• _WHAT TO WORK ON_
Although the entries contain pictures, your copy should hold only their exact text.

(Free-text object descriptions)
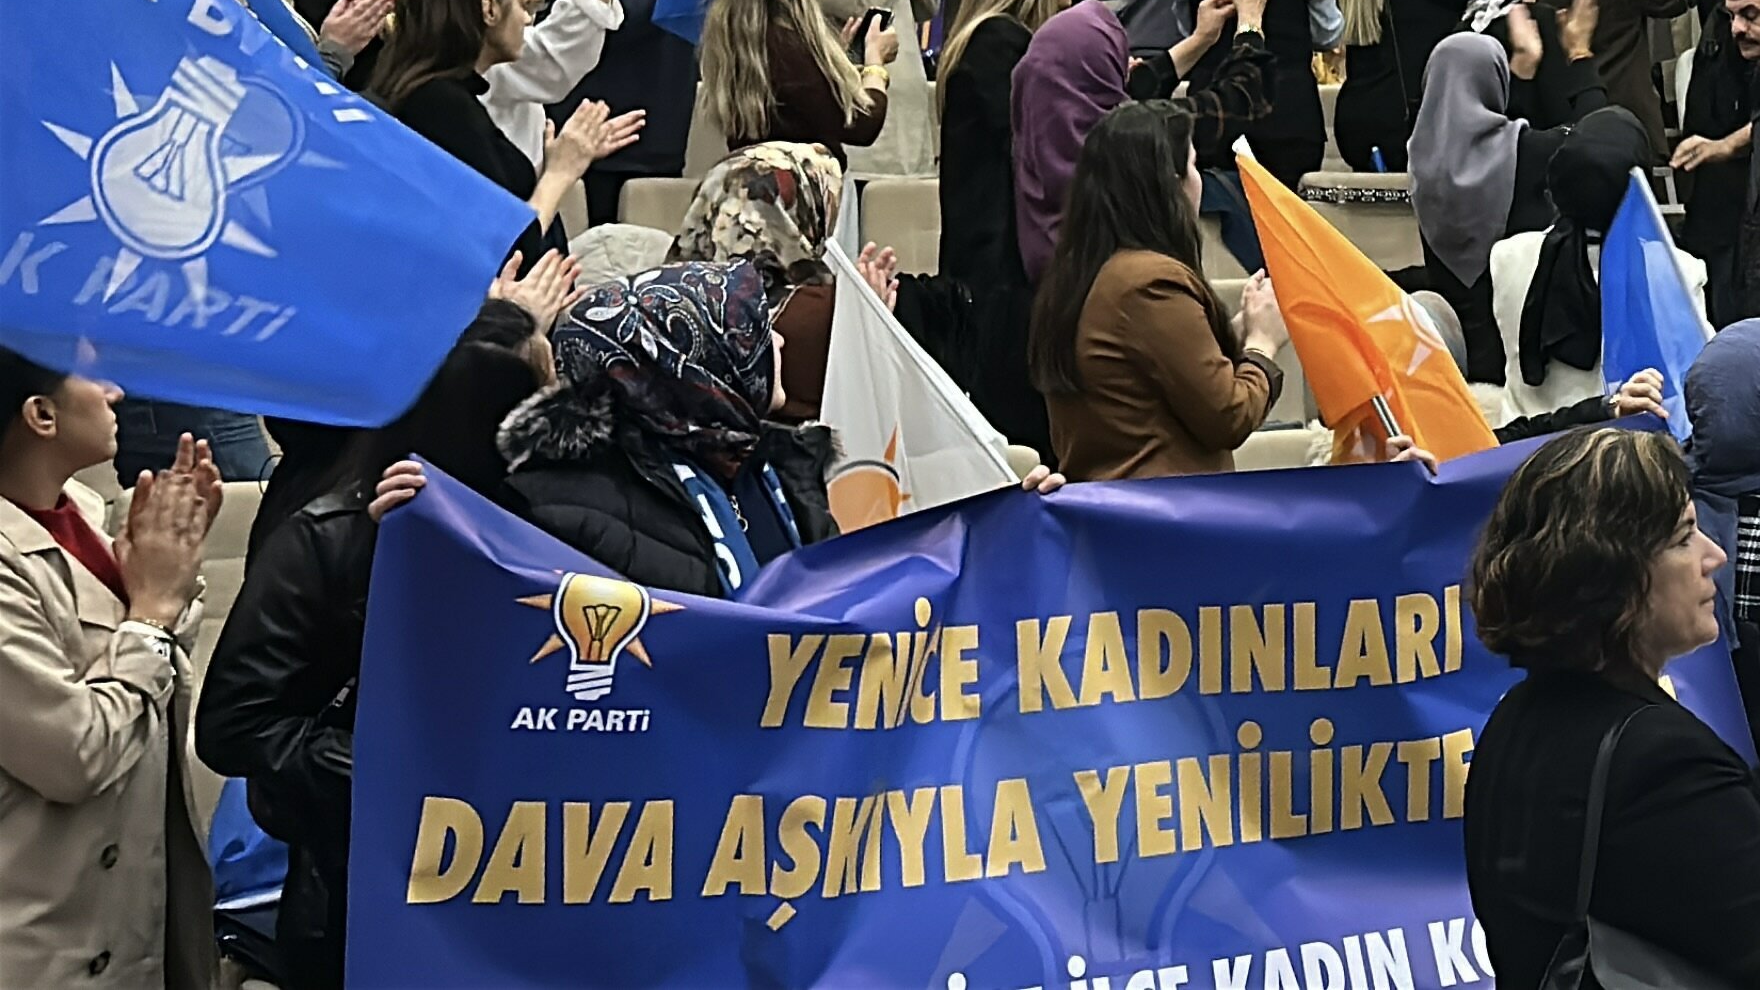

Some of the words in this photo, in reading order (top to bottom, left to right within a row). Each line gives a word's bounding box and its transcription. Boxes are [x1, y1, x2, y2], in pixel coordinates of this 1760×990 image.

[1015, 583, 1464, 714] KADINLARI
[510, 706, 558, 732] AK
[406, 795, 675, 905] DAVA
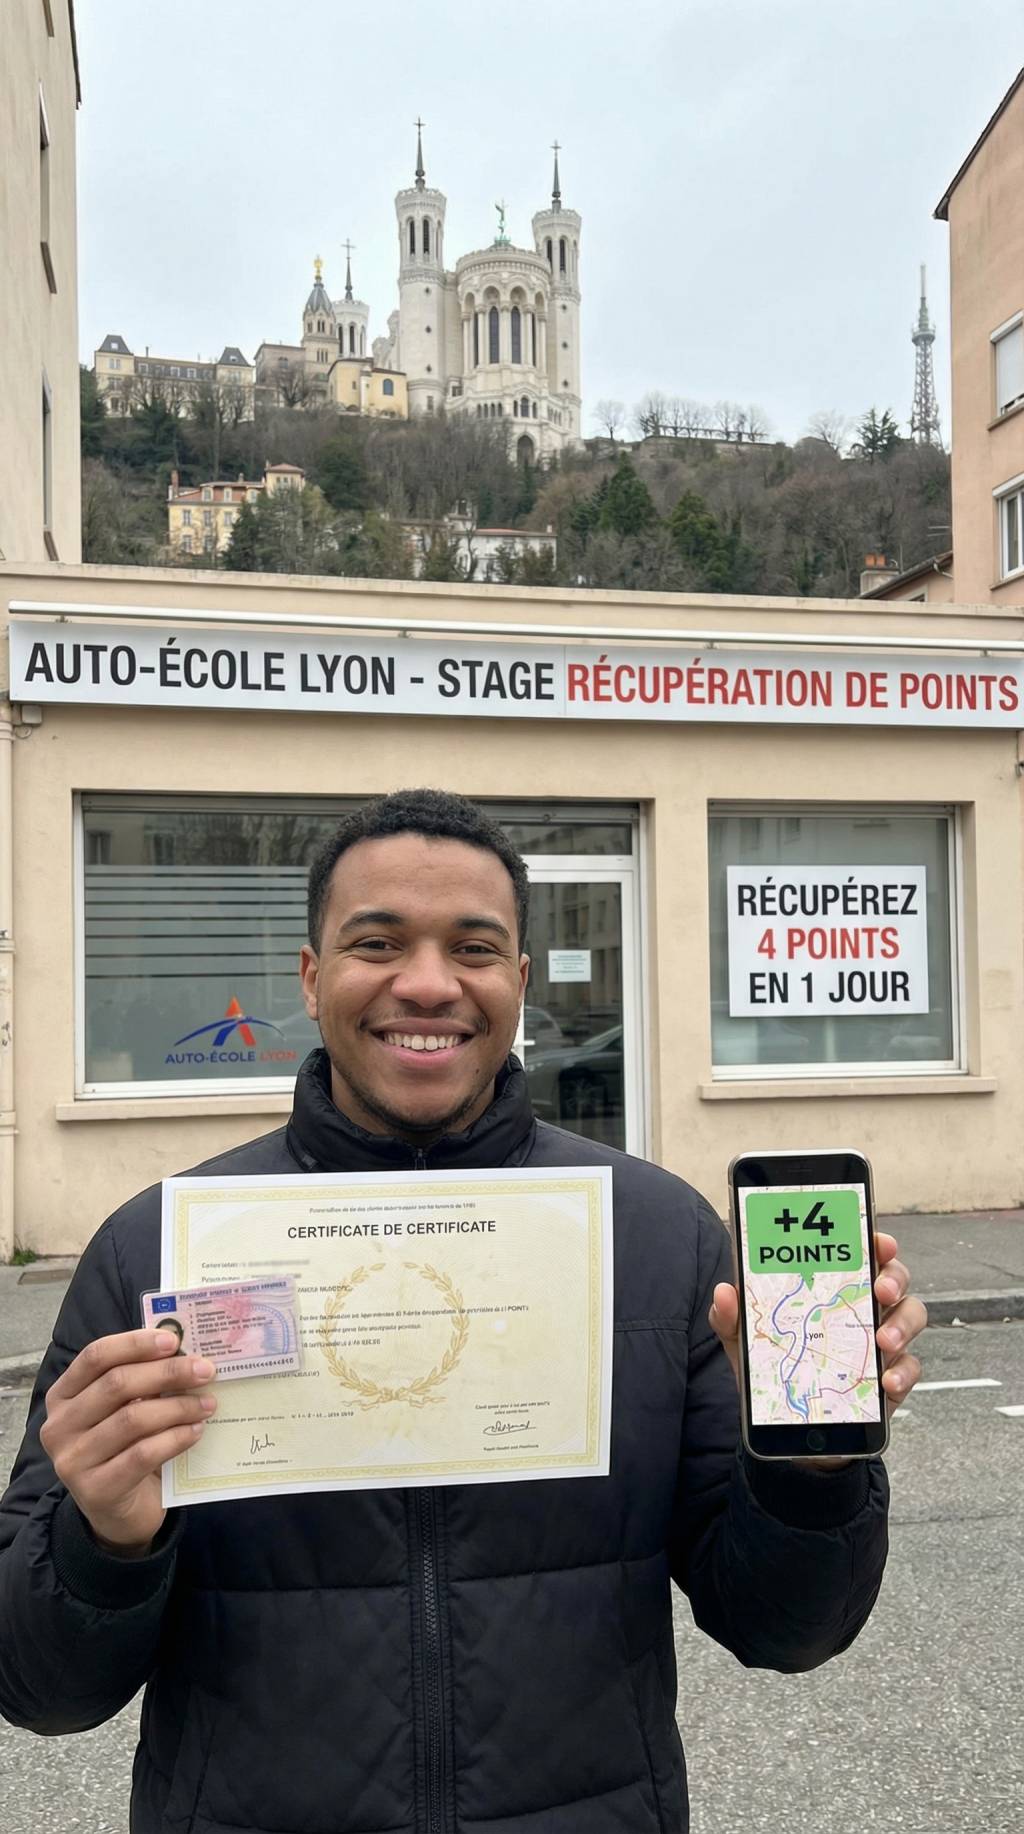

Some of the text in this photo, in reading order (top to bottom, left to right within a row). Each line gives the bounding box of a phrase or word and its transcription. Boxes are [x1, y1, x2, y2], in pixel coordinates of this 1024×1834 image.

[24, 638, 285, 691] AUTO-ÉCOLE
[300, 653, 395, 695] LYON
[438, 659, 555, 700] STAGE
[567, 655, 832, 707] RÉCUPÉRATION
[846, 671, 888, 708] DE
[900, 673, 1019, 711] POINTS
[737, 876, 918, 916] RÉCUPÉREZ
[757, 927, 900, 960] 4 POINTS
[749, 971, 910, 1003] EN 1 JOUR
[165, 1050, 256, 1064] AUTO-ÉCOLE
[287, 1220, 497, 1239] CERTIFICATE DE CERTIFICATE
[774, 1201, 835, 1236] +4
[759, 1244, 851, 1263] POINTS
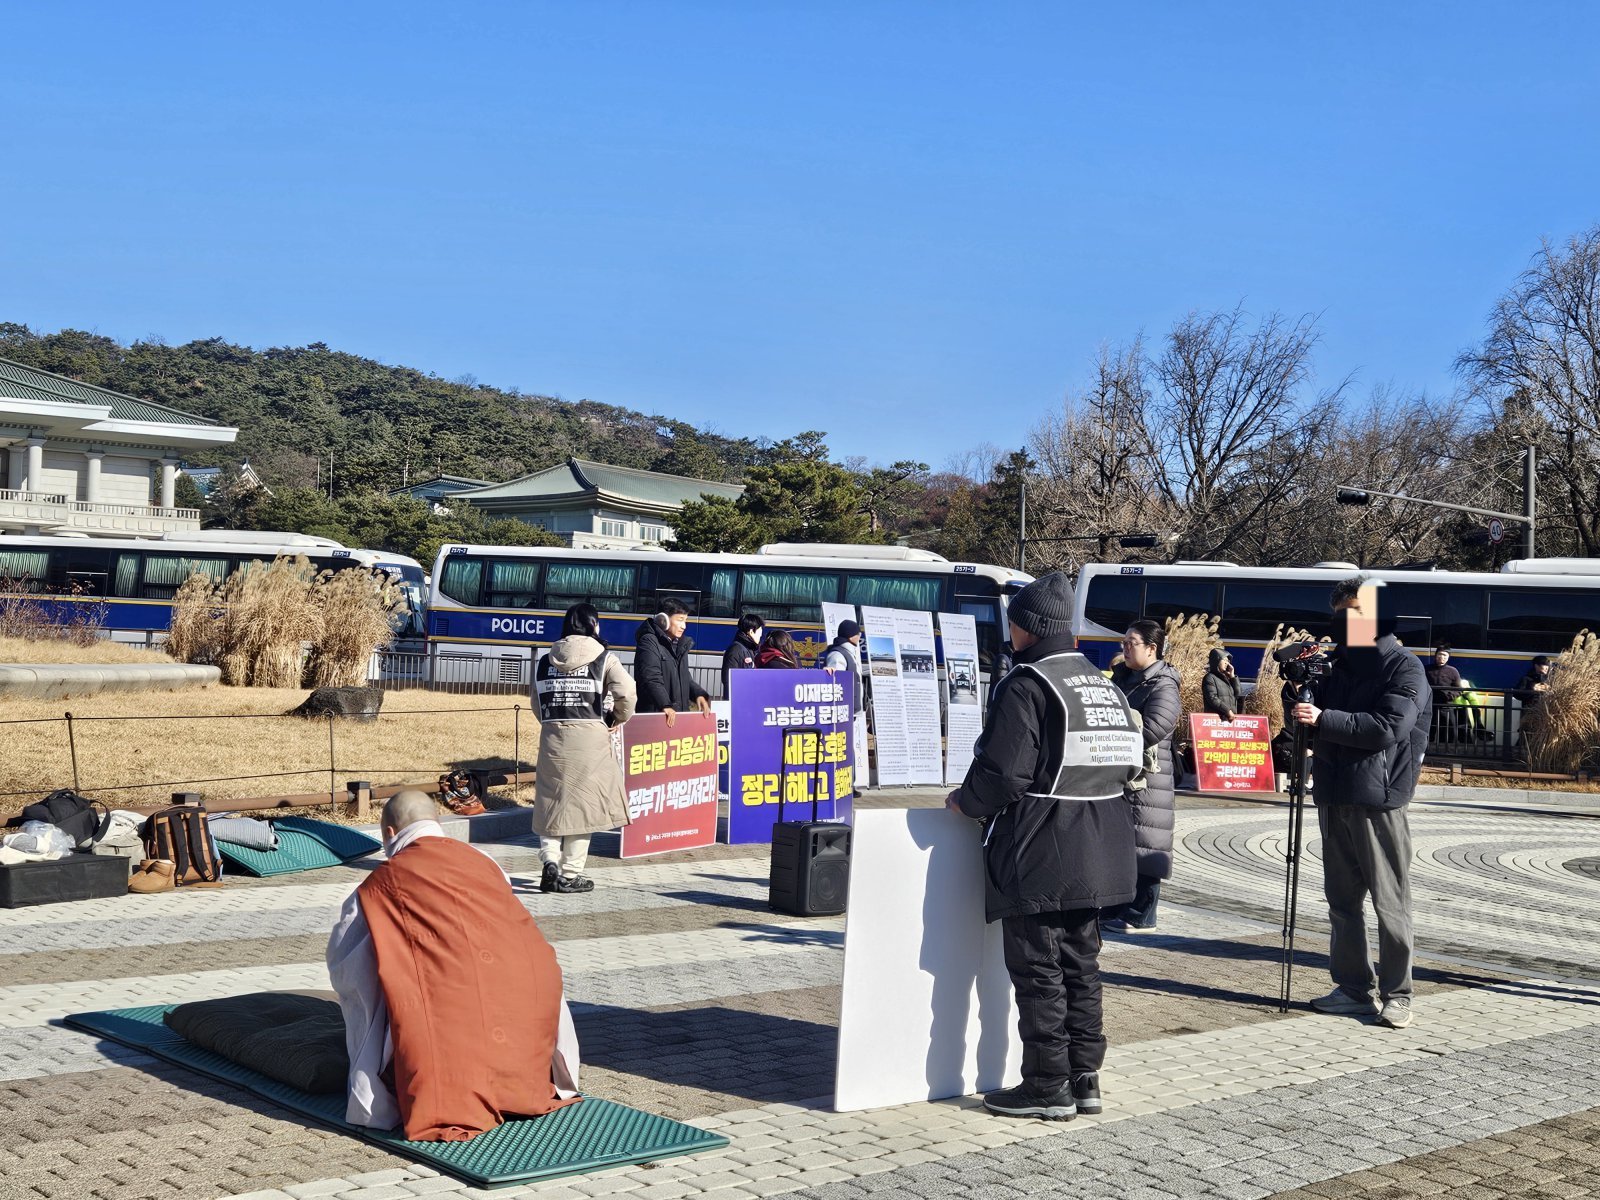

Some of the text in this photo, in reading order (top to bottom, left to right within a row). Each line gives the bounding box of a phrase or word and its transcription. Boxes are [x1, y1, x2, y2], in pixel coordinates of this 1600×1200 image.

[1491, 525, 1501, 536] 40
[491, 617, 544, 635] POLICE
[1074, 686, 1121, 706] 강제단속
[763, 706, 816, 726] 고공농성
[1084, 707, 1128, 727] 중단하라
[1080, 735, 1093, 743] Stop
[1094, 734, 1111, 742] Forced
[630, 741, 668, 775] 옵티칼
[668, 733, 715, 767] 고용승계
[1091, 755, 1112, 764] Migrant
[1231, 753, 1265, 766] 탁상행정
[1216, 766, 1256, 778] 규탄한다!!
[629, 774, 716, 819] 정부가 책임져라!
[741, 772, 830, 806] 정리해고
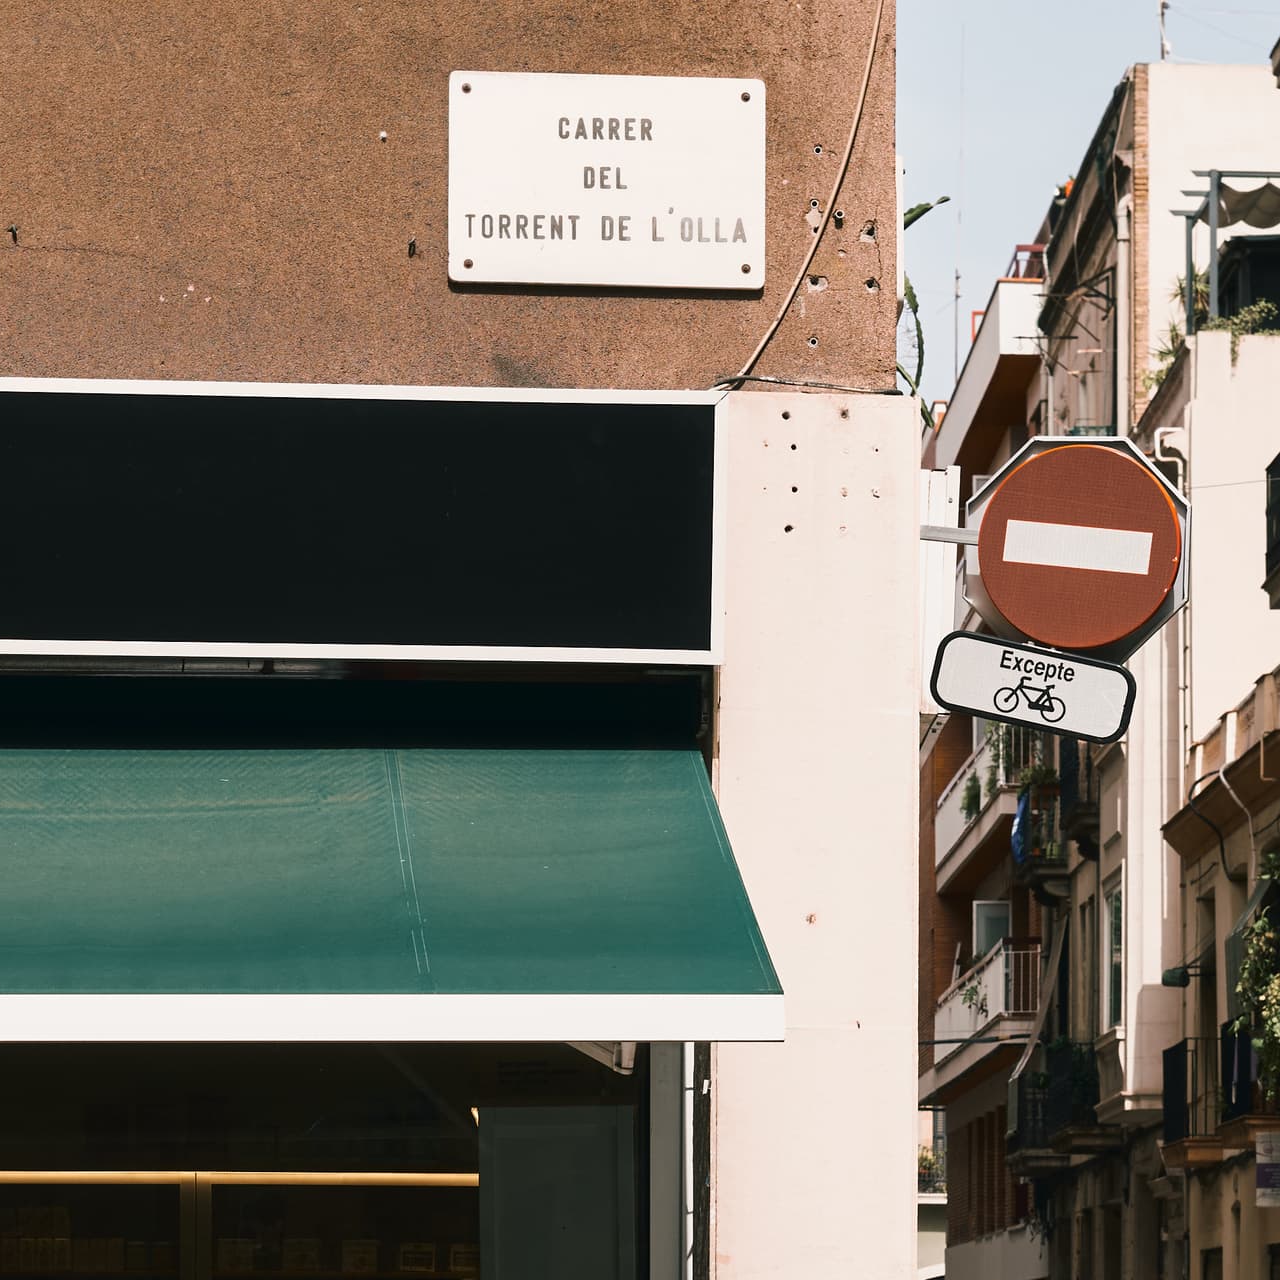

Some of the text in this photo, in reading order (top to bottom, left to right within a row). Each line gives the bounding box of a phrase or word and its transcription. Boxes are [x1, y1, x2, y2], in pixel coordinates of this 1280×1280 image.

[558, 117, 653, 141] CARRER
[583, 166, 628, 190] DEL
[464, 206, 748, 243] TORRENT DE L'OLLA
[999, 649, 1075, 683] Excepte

• _RESULT_
Some of the words in this photo, in reading order (top to bottom, left to right within a row). Each line gives a word's bounding box and its transcription. Boxes are [x1, y1, x2, y2], in pixel coordinates of this 1760×990 image.

[1015, 583, 1464, 714] KADINLARI
[510, 706, 558, 732] AK
[406, 795, 675, 905] DAVA

Some of the text in this photo, in reading order (top to bottom, left to right within a row). Each line gives the bounding box of a phrase or word and its transcription. Boxes are [x1, y1, x2, y2], in pixel coordinates of this 1024×1834 image.

[24, 638, 285, 691] AUTO-ÉCOLE
[300, 653, 395, 695] LYON
[438, 659, 555, 700] STAGE
[567, 655, 832, 707] RÉCUPÉRATION
[846, 671, 888, 708] DE
[900, 673, 1019, 711] POINTS
[737, 876, 918, 916] RÉCUPÉREZ
[757, 927, 900, 960] 4 POINTS
[749, 971, 910, 1003] EN 1 JOUR
[165, 1050, 256, 1064] AUTO-ÉCOLE
[287, 1220, 497, 1239] CERTIFICATE DE CERTIFICATE
[774, 1201, 835, 1236] +4
[759, 1244, 851, 1263] POINTS

Some of the text in this photo, in reading order (top to bottom, left to right within a row). Each line gives the bounding box of a phrase or word and its transcription. Boxes are [x1, y1, x2, y2], in pixel coordinates of this 1600×1200 image.

[1491, 525, 1501, 536] 40
[491, 617, 544, 635] POLICE
[1074, 686, 1121, 706] 강제단속
[763, 706, 816, 726] 고공농성
[1084, 707, 1128, 727] 중단하라
[1080, 735, 1093, 743] Stop
[1094, 734, 1111, 742] Forced
[630, 741, 668, 775] 옵티칼
[668, 733, 715, 767] 고용승계
[1091, 755, 1112, 764] Migrant
[1231, 753, 1265, 766] 탁상행정
[1216, 766, 1256, 778] 규탄한다!!
[629, 774, 716, 819] 정부가 책임져라!
[741, 772, 830, 806] 정리해고

Some of the text in this photo, in reading order (top to bottom, left to right within a row). Each line gives the bounding box of a phrase or word and its transcription. Boxes are [x1, y1, x2, y2], in pixel coordinates of this 1280×1280 image.

[558, 117, 653, 141] CARRER
[583, 166, 628, 190] DEL
[464, 206, 748, 243] TORRENT DE L'OLLA
[999, 649, 1075, 683] Excepte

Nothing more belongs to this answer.